Deinococcus radiodurans (Brooks & Murray, 1981)[1] è un batterio estremofilo, uno degli organismi più radioresistenti conosciuti al mondo. Si tratta di una specie particolare, in grado di resistere a dosi di radiazioni di gran lunga superiori a quelle necessarie per uccidere un qualsiasi animale[2]. Il batterio è capace di riassemblare la struttura funzionale dei suoi cromosomi dopo che questi ultimi sono stati distrutti dal trattamento radioattivo. È, inoltre, in grado di sopravvivere a condizioni estreme di freddo, disidratazione, vuoto e acidità: per questo motivo è considerato anche un batterio poliestremofilo[3] ed è stato inserito nel Guinness dei primati come la "forma di vita più resistente alle radiazioni del mondo".[4][5]

Nome e classificazione[modifica | modifica wikitesto]

Il nome scientifico Deinococcus radiodurans significa «terrificante cocco resistente alle radiazioni». Come conseguenza della sua capacità di resistenza è stato anche soprannominato "Conan il batterio".[6]

Inizialmente classificato come Micrococcus (M. radiodurans), dopo attente valutazione del suo ribosoma, RNA ed altre caratteristiche evidenti, fu riclassificato come un Deinococcus strettamente correlato al genere Thermus, un tipo di batterio resistente al calore.[7] Deinococcus è l'unico genere dell'ordine Deinococcales; D. radiodurans è la specie più studiata del genere, ma tutti i batteri conosciuti dello stesso genere sono radioresistenti: D. proteolyticus, D. radiopugnans, D. radiophilus, D. grandis, D. indicus, D. frigens, D. saxicola, D. marmola, D. geothermalis e D. murrayi; gli ultimi due sono anche termofili.[8]

Scoperta[modifica | modifica wikitesto]

D. radiodurans fu scoperto nel 1956 da Arthur W. Anderson presso l'Oregon Agricultural Experiment Station di Corvallis[9] nel corso di un esperimento per determinare se il cibo in scatola potesse essere sterilizzato utilizzando alte dosi di raggi gamma. Una confezione di carne in scatola fu esposta ad una cospicua dose di radiazioni, ritenute sufficienti ad uccidere tutte le forme di vita in essa presenti, ma ad una successiva analisi dell'alimento irraggiato fu isolato il batterio. La sequenza completa di D. radiodurans fu pubblicata nel 1999 dal The Institute for Genomic Research, seguita da un'analisi dettagliata nel 2001.[7]

Descrizione[modifica | modifica wikitesto]
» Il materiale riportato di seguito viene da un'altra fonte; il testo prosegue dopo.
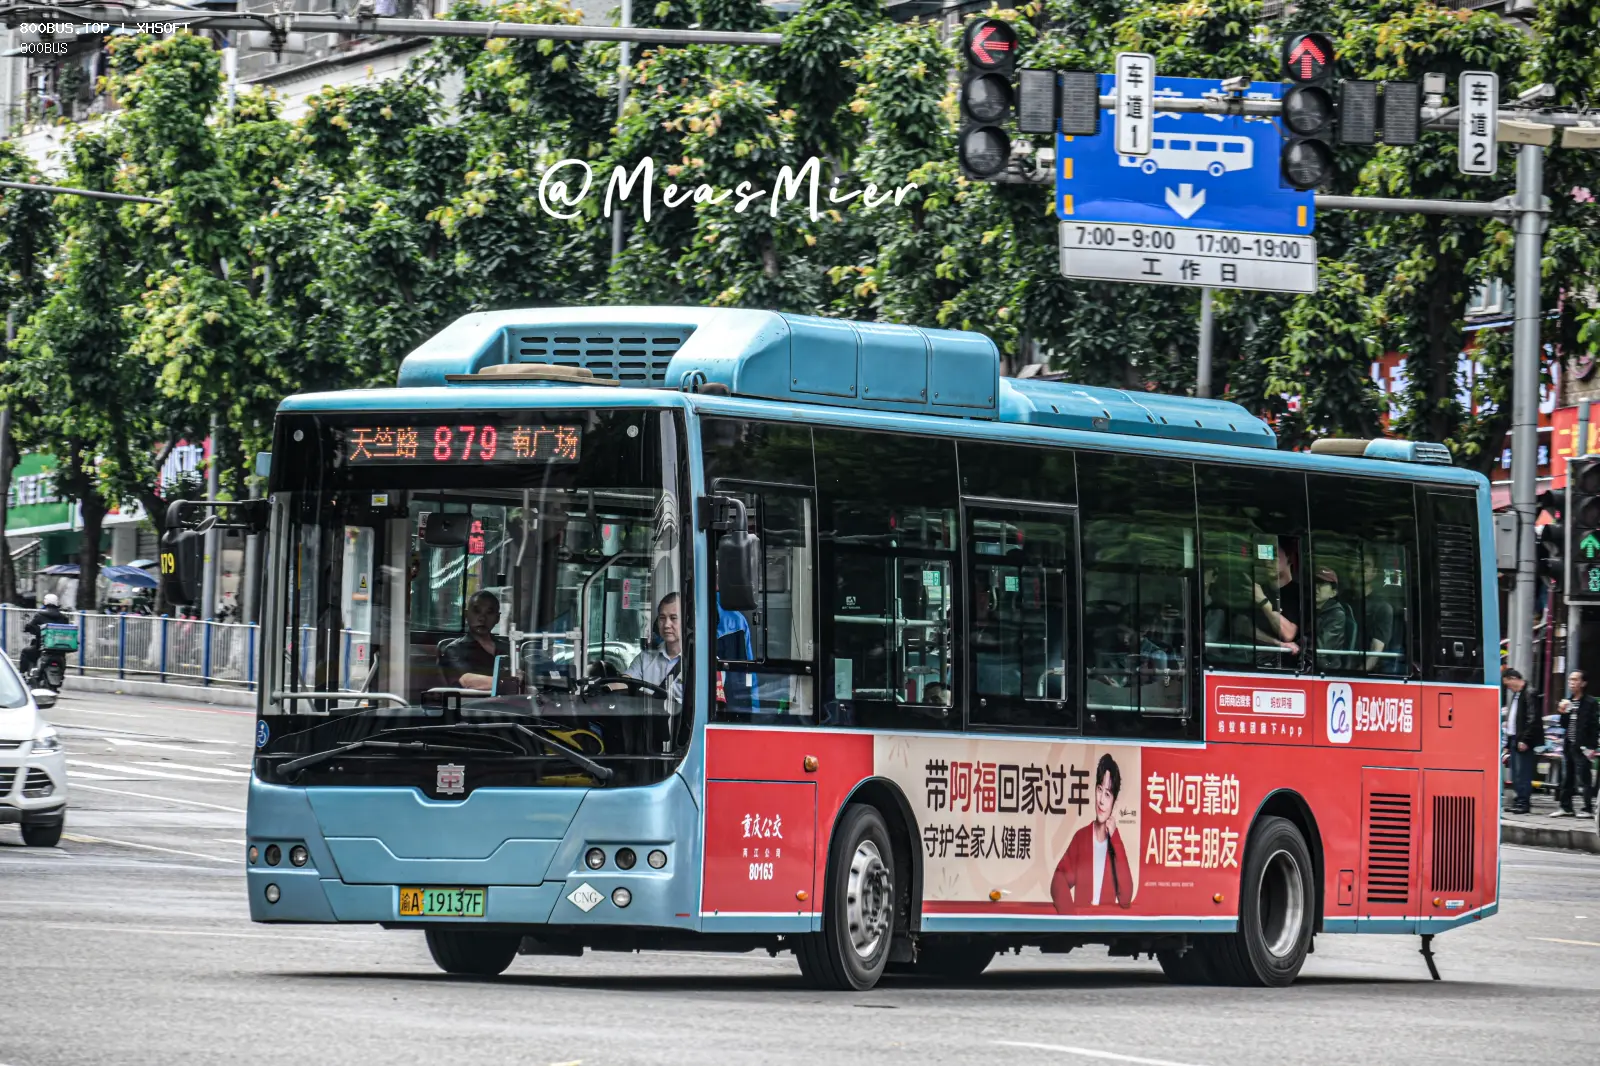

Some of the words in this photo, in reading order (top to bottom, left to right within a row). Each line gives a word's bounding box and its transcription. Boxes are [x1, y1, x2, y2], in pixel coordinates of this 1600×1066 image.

[1470, 81, 1489, 166] 车道2
[1141, 257, 1238, 284] 工作日
[350, 426, 419, 460] 天竺路
[432, 425, 498, 460] 879
[1355, 695, 1414, 733] 蚂蚁阿福
[925, 758, 1090, 817] 带阿福回家过年
[1146, 771, 1240, 816] 专业可靠的
[741, 813, 783, 839] 重庆公交
[923, 823, 1032, 860] 守护全家人健康
[1145, 825, 1239, 869] AI医生朋友
[749, 862, 773, 881] 80163
[572, 890, 599, 904] CNG
D. radiodurans è un batterio di forma sferica, piuttosto grande avendo un diametro compreso tra 1,5 e 3,5 µm. Di solito si presenta in una struttura a quattro cellule costituente una tetrade; le colonie sono lisce, convesse, con un colore variabile dal rosa al rosso; può essere riprodotto in coltura e non appare essere causa di malattie.[7] Si presenta Gram-positivo, anche se la capsula è insolita e ricorda le pareti cellulari dei batteri Gram-negativi.[10] D. radiodurans non forma endospore, non è mobile ed è considerato un organismo aerobico nonché chemiorganotrofo, poiché utilizza l'ossigeno per ricavare energia dai composti organici del suo ambiente. Lo si trova spesso in habitat ricchi di materiale organico, come terra, feci, carne o nelle fognature, ma è stato isolato anche nei cibi disidratati, nelle polveri casalinghe, negli strumenti medici e nei tessuti dei vestiti.[10] È estremamente resistente alle radiazioni ionizzanti, ai raggi ultravioletti, alla luce ultravioletta, alla disidratazione, all'ossidazione ed all'esposizione ad agenti elettrofili.
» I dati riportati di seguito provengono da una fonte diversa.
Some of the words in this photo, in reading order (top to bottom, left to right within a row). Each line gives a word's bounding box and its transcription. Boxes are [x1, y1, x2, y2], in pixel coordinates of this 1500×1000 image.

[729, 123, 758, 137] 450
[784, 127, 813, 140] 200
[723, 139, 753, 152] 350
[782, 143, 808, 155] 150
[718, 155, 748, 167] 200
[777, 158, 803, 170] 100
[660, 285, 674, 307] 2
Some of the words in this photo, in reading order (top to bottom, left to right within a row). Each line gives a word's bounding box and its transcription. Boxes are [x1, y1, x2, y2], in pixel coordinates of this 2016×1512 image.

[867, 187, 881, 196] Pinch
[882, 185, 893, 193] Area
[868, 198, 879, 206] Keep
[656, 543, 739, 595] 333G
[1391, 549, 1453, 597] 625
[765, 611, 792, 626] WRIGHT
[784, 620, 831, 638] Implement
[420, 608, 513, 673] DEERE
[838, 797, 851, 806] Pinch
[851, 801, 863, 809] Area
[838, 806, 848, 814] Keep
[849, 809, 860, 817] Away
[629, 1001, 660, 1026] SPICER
Il genoma[modifica | modifica wikitesto]

Il suo genoma è composto da due cromosomi di forma circolare, il primo composto da 2,65 milioni di coppie di basi, il secondo da 412 000 coppie di basi; un megaplasmide composto da 177 000 coppie di basi, ed un plasmide composto da 46 000 coppie di basi. È formato da circa 3 195 geni.[7][11] Nella sua fase stazionaria, ciascuna cellula batterica contiene quattro copie del suo genoma. Nelle fasi di rapida moltiplicazione, ogni batterio contiene da 8 a 10 copie del genoma.[12][13][14]

Resistenza alla radioattività[modifica | modifica wikitesto]

Una dose di 10 Gy di radiazione ionizzante è sufficiente a uccidere un essere umano; una dose di 60 Gy è sufficiente a uccidere tutte le cellule di una coltura di E. coli; D. radiodurans è in grado di resistere ad una dose unitaria di 5 000 Gy senza perdere vitalità, mantenendone un 37% anche se sottoposto ad una dose di radiazioni pari a 15 000 Gy. Si stima che una dose di 5 000 Gy sia in grado di introdurre diverse centinaia di interruzioni nel DNA in un organismo. Oltre ai deinococchi si conoscono altre specie di batteri resistenti alla radiazioni: Chroococcidiopsis (phylum Cyanobacteria) ed alcune specie di rubrobatteri (phylum Actinobacteria). Tra gli archea, la specie Thermococcus gammatolerans mostra una resistenza comparabile con D. radiodurans.[8]

Meccanismo della resistenza alla radioattività[modifica | modifica wikitesto]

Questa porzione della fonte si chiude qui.